The eye of the new norm
I am writing this post sitting on a couch completely surrounded by blocks, teething toys, wipes, pages slapped together with glitter glue, and an iPad that has way more apps this week than last.
It’s the end of week two of the quarantine in the United States and it’s felt a bit like reality has split from its originally-scheduled timeline and taken an entirely new tack. Just two weeks ago on Thursday, I was planning to come into the office on Friday, and then, on Thursday night, I was standing in line with hundreds of other panicked people at the grocery store, holding my eggs and milk in one hand, trying not to touch anything with the other.
Since then, I’ve potentially had COVID (or whatever it was, it’s thankfully mostly gone now), started working 100% remotely, had our daycare close and our nanny leave, and adjusted to a day that’s basically juggling calls and work and a preschooler and a baby, 24-7, alone with my husband in our island away from society.
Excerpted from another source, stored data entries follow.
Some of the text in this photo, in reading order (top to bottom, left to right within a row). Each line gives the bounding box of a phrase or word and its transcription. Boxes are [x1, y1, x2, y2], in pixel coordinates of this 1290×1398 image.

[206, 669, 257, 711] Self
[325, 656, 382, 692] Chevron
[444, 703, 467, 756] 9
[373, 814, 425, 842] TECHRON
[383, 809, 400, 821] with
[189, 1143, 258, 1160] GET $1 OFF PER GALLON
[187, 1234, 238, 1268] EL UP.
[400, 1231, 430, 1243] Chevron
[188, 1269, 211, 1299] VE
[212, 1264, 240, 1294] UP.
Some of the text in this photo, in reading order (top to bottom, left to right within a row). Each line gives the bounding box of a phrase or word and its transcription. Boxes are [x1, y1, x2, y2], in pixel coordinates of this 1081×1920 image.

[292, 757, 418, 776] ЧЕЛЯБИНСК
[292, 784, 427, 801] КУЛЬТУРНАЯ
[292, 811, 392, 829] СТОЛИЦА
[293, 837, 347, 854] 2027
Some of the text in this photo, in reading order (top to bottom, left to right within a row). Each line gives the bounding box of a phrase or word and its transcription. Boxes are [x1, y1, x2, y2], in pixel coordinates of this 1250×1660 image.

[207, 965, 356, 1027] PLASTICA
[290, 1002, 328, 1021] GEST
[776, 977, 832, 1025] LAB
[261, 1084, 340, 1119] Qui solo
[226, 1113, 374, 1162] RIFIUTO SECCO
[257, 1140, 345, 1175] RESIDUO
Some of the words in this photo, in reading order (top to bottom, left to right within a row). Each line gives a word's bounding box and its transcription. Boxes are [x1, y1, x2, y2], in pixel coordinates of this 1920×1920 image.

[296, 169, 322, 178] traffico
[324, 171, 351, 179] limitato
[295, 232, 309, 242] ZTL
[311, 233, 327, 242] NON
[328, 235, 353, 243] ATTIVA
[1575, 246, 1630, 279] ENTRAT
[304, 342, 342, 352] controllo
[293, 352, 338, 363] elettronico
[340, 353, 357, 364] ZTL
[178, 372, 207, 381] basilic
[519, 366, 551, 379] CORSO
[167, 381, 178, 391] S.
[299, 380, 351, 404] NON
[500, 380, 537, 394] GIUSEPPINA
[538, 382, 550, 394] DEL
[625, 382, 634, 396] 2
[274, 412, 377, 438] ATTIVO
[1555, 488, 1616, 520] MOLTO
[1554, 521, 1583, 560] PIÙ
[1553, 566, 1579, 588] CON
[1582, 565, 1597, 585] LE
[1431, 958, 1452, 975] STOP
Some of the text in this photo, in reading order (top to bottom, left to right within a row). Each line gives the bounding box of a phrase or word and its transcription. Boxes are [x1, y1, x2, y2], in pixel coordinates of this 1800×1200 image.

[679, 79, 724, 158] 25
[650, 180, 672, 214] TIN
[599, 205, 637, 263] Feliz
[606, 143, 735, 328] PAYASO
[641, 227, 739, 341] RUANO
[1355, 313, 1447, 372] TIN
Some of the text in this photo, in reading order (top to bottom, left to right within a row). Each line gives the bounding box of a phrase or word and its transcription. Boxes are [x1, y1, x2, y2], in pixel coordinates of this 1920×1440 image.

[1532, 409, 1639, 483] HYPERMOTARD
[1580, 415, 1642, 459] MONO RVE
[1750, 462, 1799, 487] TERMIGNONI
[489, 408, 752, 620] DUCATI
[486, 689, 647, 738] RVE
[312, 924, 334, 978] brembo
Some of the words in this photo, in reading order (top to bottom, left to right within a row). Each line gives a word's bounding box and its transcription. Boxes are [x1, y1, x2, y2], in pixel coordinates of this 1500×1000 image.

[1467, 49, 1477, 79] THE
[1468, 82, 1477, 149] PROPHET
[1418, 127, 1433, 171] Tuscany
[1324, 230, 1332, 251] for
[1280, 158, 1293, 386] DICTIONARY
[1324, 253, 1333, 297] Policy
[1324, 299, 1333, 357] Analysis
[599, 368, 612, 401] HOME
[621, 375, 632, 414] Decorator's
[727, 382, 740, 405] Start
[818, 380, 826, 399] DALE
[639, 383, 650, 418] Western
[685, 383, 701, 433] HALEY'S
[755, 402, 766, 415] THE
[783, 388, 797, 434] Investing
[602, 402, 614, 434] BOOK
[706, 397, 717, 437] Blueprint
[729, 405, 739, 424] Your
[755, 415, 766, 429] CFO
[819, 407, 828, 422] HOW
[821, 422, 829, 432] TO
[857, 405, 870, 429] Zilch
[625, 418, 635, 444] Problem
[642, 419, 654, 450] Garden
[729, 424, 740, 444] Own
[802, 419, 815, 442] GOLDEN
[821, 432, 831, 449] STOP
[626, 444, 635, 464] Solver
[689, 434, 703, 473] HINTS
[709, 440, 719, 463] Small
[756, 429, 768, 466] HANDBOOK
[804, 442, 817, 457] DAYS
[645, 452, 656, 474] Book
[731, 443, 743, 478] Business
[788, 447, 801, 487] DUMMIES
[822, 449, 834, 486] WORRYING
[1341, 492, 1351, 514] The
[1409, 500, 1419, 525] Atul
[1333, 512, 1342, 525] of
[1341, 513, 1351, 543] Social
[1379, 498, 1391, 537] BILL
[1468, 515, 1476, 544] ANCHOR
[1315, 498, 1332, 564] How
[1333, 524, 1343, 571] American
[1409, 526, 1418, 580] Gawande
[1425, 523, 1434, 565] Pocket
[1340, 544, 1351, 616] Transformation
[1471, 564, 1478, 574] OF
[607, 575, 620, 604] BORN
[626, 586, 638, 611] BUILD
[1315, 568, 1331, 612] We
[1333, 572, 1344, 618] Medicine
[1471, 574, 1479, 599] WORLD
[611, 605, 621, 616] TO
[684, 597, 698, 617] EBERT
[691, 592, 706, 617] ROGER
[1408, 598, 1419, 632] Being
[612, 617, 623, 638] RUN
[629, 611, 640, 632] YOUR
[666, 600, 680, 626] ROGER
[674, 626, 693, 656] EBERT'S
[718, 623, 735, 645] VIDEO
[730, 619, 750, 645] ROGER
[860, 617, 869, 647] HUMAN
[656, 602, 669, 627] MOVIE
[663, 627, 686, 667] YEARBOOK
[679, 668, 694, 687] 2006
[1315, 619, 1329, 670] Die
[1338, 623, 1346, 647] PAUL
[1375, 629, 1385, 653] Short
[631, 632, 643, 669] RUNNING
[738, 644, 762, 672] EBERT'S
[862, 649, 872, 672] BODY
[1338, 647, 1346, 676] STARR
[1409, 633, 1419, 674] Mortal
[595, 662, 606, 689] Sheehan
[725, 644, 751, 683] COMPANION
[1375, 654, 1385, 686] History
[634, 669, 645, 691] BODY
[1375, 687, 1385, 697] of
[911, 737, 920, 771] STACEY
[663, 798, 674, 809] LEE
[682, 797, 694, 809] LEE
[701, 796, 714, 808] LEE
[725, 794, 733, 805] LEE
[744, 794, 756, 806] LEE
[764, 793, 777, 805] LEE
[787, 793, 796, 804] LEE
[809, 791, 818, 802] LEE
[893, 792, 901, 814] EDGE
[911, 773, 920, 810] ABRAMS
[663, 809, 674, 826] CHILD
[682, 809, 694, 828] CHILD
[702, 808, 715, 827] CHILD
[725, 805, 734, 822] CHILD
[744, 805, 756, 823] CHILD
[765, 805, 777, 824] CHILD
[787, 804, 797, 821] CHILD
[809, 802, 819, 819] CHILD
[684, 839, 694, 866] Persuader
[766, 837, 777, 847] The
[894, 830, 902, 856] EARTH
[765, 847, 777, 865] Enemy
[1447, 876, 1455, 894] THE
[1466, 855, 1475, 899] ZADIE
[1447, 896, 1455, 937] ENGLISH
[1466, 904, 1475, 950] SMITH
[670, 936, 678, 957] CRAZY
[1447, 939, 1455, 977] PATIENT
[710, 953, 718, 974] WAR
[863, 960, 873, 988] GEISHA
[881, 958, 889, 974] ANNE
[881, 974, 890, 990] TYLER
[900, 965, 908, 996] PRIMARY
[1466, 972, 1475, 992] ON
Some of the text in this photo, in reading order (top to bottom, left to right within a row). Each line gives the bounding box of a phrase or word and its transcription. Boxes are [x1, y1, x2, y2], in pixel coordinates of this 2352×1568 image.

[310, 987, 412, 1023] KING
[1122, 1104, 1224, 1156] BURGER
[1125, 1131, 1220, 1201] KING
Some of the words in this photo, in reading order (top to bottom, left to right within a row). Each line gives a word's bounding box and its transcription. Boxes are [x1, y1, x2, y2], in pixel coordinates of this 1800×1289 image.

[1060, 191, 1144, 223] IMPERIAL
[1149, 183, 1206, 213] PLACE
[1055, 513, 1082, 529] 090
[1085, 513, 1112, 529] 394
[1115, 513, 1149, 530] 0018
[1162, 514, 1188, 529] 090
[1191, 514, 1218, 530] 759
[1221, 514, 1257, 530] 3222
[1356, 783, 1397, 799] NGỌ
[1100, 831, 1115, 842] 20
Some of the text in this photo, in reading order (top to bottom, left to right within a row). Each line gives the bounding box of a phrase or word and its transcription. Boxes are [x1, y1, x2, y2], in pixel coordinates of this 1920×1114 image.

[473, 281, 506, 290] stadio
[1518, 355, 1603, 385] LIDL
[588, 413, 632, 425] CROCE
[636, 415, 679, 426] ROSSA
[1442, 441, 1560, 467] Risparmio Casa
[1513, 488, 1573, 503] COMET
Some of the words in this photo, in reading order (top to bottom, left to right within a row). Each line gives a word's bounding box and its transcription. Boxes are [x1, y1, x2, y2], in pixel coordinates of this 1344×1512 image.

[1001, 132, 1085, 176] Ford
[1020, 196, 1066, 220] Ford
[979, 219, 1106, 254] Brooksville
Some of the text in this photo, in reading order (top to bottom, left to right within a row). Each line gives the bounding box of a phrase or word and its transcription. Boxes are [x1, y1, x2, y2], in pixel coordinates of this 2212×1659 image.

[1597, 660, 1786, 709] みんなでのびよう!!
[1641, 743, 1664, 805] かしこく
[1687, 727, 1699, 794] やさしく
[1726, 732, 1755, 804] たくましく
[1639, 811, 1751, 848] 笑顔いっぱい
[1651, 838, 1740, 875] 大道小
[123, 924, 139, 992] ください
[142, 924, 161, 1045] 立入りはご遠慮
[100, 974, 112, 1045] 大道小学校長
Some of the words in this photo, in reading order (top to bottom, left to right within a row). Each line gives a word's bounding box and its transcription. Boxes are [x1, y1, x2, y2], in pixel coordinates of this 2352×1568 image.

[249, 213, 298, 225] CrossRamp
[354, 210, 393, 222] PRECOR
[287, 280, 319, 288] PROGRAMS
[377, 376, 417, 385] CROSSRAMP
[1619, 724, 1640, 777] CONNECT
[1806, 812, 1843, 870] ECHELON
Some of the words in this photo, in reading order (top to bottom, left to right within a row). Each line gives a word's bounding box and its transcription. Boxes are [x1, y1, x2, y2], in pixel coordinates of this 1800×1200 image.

We live on a fairly lively street, yet it feels these days like we are the only people in the universe. We go about our lives, taking our Amazon kipple into quarantine before it comes into the house, taking daily walks on the lonely, de-peopled streets, talking through sterile screens to relatives who aren’t there to see the baby’s first teeth emerge in person and friends who we can’t share wine with over a plate of appetizers at a restaurant.
Our problems are so, so minuscule compared to the other people, the people on the front lines of this thing. People who can’t socially isolate because they have to work, people who have already lost jobs in what’s shaping up to be an absolutely crushing recession, and people at the hospitals, at the delivery centers, dropping off our packages, at the edges of the infrastructure we are all now heavily leaning on.
And yet, every day it becomes psychologically harder for me to push past the wall of endless sameness and start my day, make up a math lesson, make baby food, run to my standup, manage to dash out a few emails, clean the dishes for the millionth time, and know that the same exact thing awaits me tomorrow, and every day for what’s looking to be the next month, at least.
I am probably most worried about my daughter. She’s old enough to understand, but not old enough be able to deal with not seeing her friends every day, being ripped away from her routine. I am worried that, like with many other kids of her generation, this will be her first significant defining memory of history.
And I am worried every time I read Twitter or the news about what’s happening. It all seems so vast, so large, and such an enormous and complete failure of the American political, economic, and healthcare systems, that I can’t bring myself to understand how this same country that gave us a moon landing, Silicon Valley (for all its current flaws), and, of course, the beauty of the all-you-can-eat buffet, is currently facing a medical crisis of disastrous proportions.
It feels so hard to think about anything normal, to write about anything remotely Normcoreish, and to refocus my attention away from the faceless, nameless awfulness out there to think about what annoying stuff tech companies are doing lately (and spoiler, it’s still a lot:)
So instead, I’m doing what I always do when I’m stressed out, which is watching Star Wars.
Star Wars has always had an important place in my life, as I wrote in this blog post a while back.
Being an introvert when you’re a successful respected working adult married to another introvert adult who loves you is easy. Being a lonely glasses-wearing, braces-grinding, book-reading, immigrant-kid sixth-grade introvert with an extremely poor body image who is not sure if anyone will think she is an ok human being was hard.
As a result, I spent a lot of 1997 at my local library.
I made my way through Judy Blume, then the Babysitters Club, and then after I ran out of books, I started browsing through the VHS rental stacks.
One day, I discovered the plastic packaging of the Star Wars trilogy on VHS, six tapes it was, I believe, held together with thick rubber bands.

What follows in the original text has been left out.